## Work task
From the records below, extract all the text exactly and leave the images behind.

(Stored dataset items)
*** Block opens ***

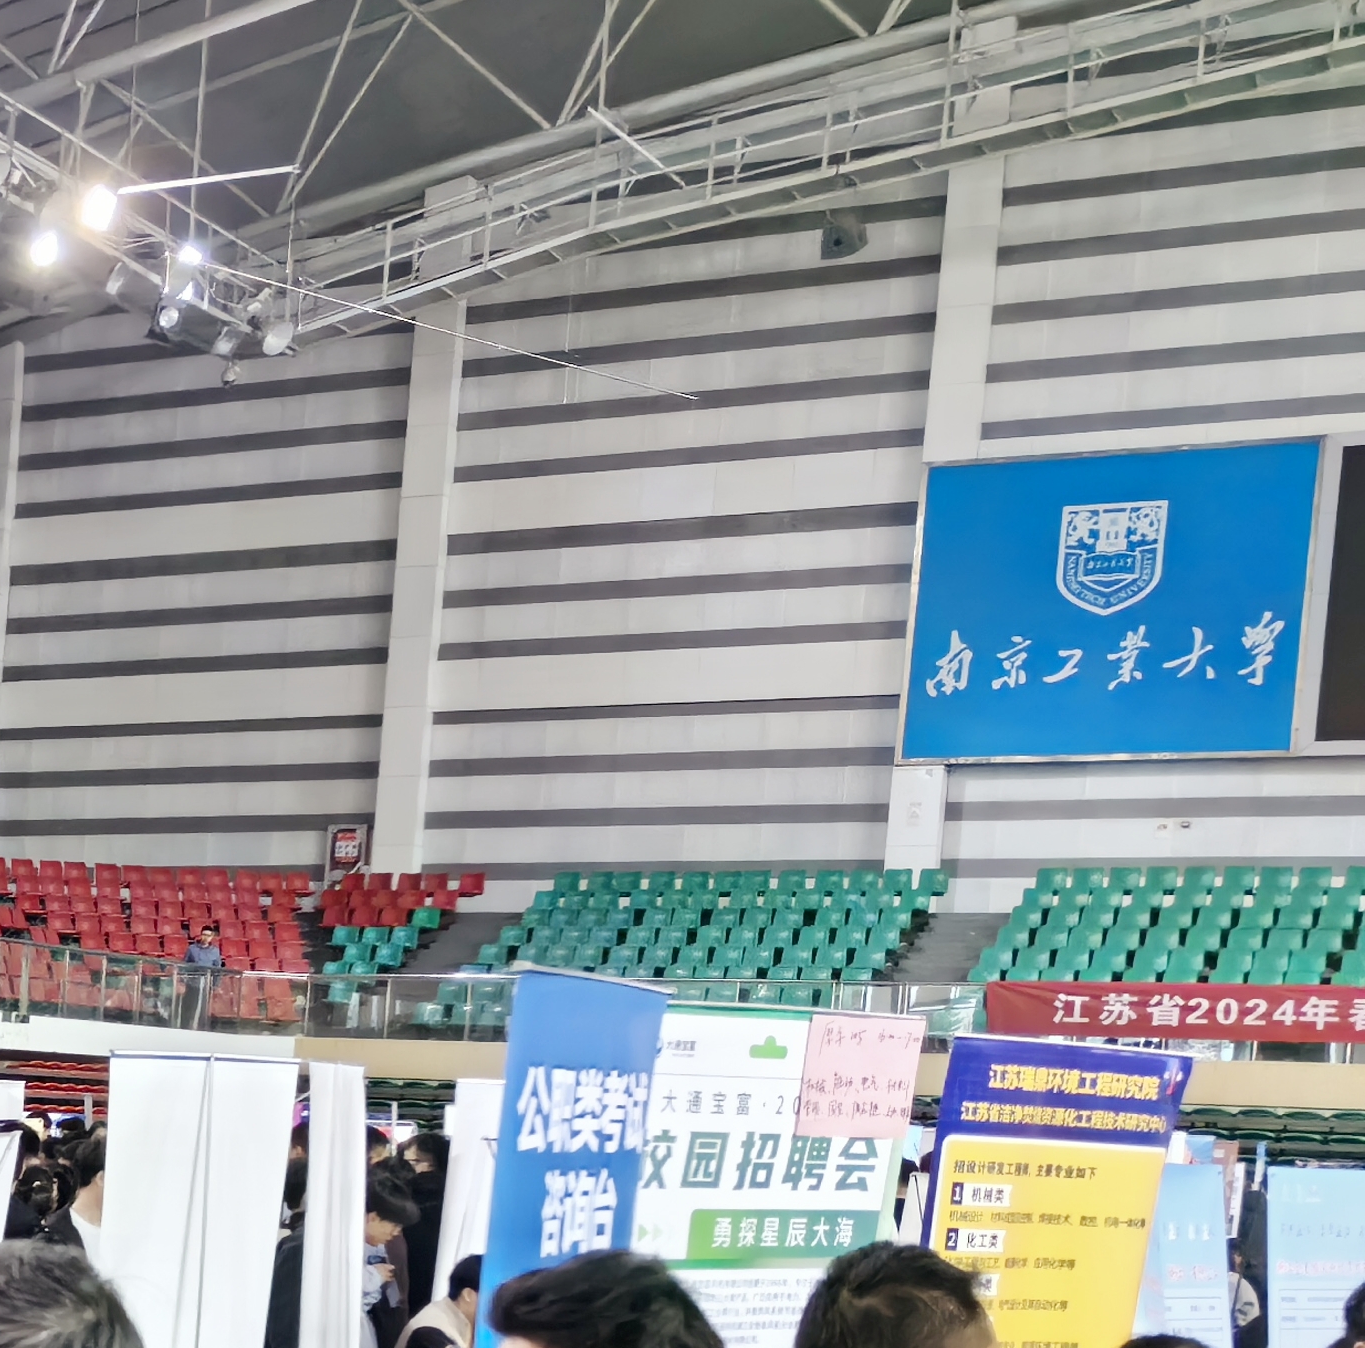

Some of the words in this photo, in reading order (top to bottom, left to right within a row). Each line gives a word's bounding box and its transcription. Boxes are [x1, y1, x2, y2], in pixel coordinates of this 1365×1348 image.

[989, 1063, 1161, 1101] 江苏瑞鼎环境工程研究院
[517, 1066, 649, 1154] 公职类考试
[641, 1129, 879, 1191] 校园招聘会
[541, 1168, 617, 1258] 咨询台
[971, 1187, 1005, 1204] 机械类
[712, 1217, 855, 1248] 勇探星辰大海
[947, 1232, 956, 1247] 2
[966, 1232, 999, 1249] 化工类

*** Block closes ***

## Problem solution
Some of the words in this photo, in reading order (top to bottom, left to right within a row). Each line gives a word's bounding box and its transcription. Boxes are [x1, y1, x2, y2], in pixel coordinates of this 1365×1348 image.

[989, 1063, 1161, 1101] 江苏瑞鼎环境工程研究院
[517, 1066, 649, 1154] 公职类考试
[641, 1129, 879, 1191] 校园招聘会
[541, 1168, 617, 1258] 咨询台
[971, 1187, 1005, 1204] 机械类
[712, 1217, 855, 1248] 勇探星辰大海
[947, 1232, 956, 1247] 2
[966, 1232, 999, 1249] 化工类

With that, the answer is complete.